[AVAILABLE DATA]:
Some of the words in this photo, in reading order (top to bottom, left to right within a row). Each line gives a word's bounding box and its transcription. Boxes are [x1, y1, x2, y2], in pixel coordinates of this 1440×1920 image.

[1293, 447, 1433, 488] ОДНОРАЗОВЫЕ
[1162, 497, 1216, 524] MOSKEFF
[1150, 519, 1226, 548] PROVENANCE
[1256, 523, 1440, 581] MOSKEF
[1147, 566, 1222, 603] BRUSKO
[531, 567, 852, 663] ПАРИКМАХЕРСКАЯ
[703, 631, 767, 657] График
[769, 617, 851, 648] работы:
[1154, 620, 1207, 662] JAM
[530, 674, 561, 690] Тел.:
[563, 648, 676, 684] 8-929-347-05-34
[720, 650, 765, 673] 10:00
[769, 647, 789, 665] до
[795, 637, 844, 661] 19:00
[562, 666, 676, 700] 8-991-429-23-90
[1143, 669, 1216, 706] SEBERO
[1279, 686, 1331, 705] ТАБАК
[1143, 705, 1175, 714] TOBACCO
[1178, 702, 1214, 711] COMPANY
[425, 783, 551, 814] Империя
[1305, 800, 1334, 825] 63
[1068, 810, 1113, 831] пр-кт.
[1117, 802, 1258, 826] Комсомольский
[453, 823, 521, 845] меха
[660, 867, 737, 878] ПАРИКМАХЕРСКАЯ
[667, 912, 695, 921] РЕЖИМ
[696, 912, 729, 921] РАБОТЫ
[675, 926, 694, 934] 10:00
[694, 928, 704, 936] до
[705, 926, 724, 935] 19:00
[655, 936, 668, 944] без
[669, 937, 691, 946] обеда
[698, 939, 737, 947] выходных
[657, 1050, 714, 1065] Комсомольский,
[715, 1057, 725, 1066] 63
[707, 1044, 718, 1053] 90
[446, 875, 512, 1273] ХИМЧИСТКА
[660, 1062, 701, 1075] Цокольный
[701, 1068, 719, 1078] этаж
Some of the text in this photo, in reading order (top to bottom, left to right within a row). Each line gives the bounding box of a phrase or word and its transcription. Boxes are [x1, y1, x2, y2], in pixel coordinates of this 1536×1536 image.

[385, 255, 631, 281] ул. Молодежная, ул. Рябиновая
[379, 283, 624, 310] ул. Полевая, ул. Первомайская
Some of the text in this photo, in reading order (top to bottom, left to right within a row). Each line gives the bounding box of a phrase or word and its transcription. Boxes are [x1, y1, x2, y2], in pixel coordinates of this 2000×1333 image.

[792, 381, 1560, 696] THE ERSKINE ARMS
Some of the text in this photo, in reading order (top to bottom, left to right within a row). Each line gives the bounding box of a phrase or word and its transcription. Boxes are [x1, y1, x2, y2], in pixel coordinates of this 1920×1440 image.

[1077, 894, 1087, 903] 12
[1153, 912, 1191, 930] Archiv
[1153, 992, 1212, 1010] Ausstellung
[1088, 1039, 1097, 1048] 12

[WORK TO COMPLETE]: Output the entire listing precisely as it stands.

[RESPONSE TO THIS TASK]:
Some of the words in this photo, in reading order (top to bottom, left to right within a row). Each line gives a word's bounding box and its transcription. Boxes are [x1, y1, x2, y2], in pixel coordinates of this 1440×1920 image.

[1293, 447, 1433, 488] ОДНОРАЗОВЫЕ
[1162, 497, 1216, 524] MOSKEFF
[1150, 519, 1226, 548] PROVENANCE
[1256, 523, 1440, 581] MOSKEF
[1147, 566, 1222, 603] BRUSKO
[531, 567, 852, 663] ПАРИКМАХЕРСКАЯ
[703, 631, 767, 657] График
[769, 617, 851, 648] работы:
[1154, 620, 1207, 662] JAM
[530, 674, 561, 690] Тел.:
[563, 648, 676, 684] 8-929-347-05-34
[720, 650, 765, 673] 10:00
[769, 647, 789, 665] до
[795, 637, 844, 661] 19:00
[562, 666, 676, 700] 8-991-429-23-90
[1143, 669, 1216, 706] SEBERO
[1279, 686, 1331, 705] ТАБАК
[1143, 705, 1175, 714] TOBACCO
[1178, 702, 1214, 711] COMPANY
[425, 783, 551, 814] Империя
[1305, 800, 1334, 825] 63
[1068, 810, 1113, 831] пр-кт.
[1117, 802, 1258, 826] Комсомольский
[453, 823, 521, 845] меха
[660, 867, 737, 878] ПАРИКМАХЕРСКАЯ
[667, 912, 695, 921] РЕЖИМ
[696, 912, 729, 921] РАБОТЫ
[675, 926, 694, 934] 10:00
[694, 928, 704, 936] до
[705, 926, 724, 935] 19:00
[655, 936, 668, 944] без
[669, 937, 691, 946] обеда
[698, 939, 737, 947] выходных
[657, 1050, 714, 1065] Комсомольский,
[715, 1057, 725, 1066] 63
[707, 1044, 718, 1053] 90
[446, 875, 512, 1273] ХИМЧИСТКА
[660, 1062, 701, 1075] Цокольный
[701, 1068, 719, 1078] этаж
Some of the text in this photo, in reading order (top to bottom, left to right within a row). Each line gives the bounding box of a phrase or word and its transcription. Boxes are [x1, y1, x2, y2], in pixel coordinates of this 1536×1536 image.

[385, 255, 631, 281] ул. Молодежная, ул. Рябиновая
[379, 283, 624, 310] ул. Полевая, ул. Первомайская
Some of the text in this photo, in reading order (top to bottom, left to right within a row). Each line gives the bounding box of a phrase or word and its transcription. Boxes are [x1, y1, x2, y2], in pixel coordinates of this 2000×1333 image.

[792, 381, 1560, 696] THE ERSKINE ARMS
Some of the text in this photo, in reading order (top to bottom, left to right within a row). Each line gives the bounding box of a phrase or word and its transcription. Boxes are [x1, y1, x2, y2], in pixel coordinates of this 1920×1440 image.

[1077, 894, 1087, 903] 12
[1153, 912, 1191, 930] Archiv
[1153, 992, 1212, 1010] Ausstellung
[1088, 1039, 1097, 1048] 12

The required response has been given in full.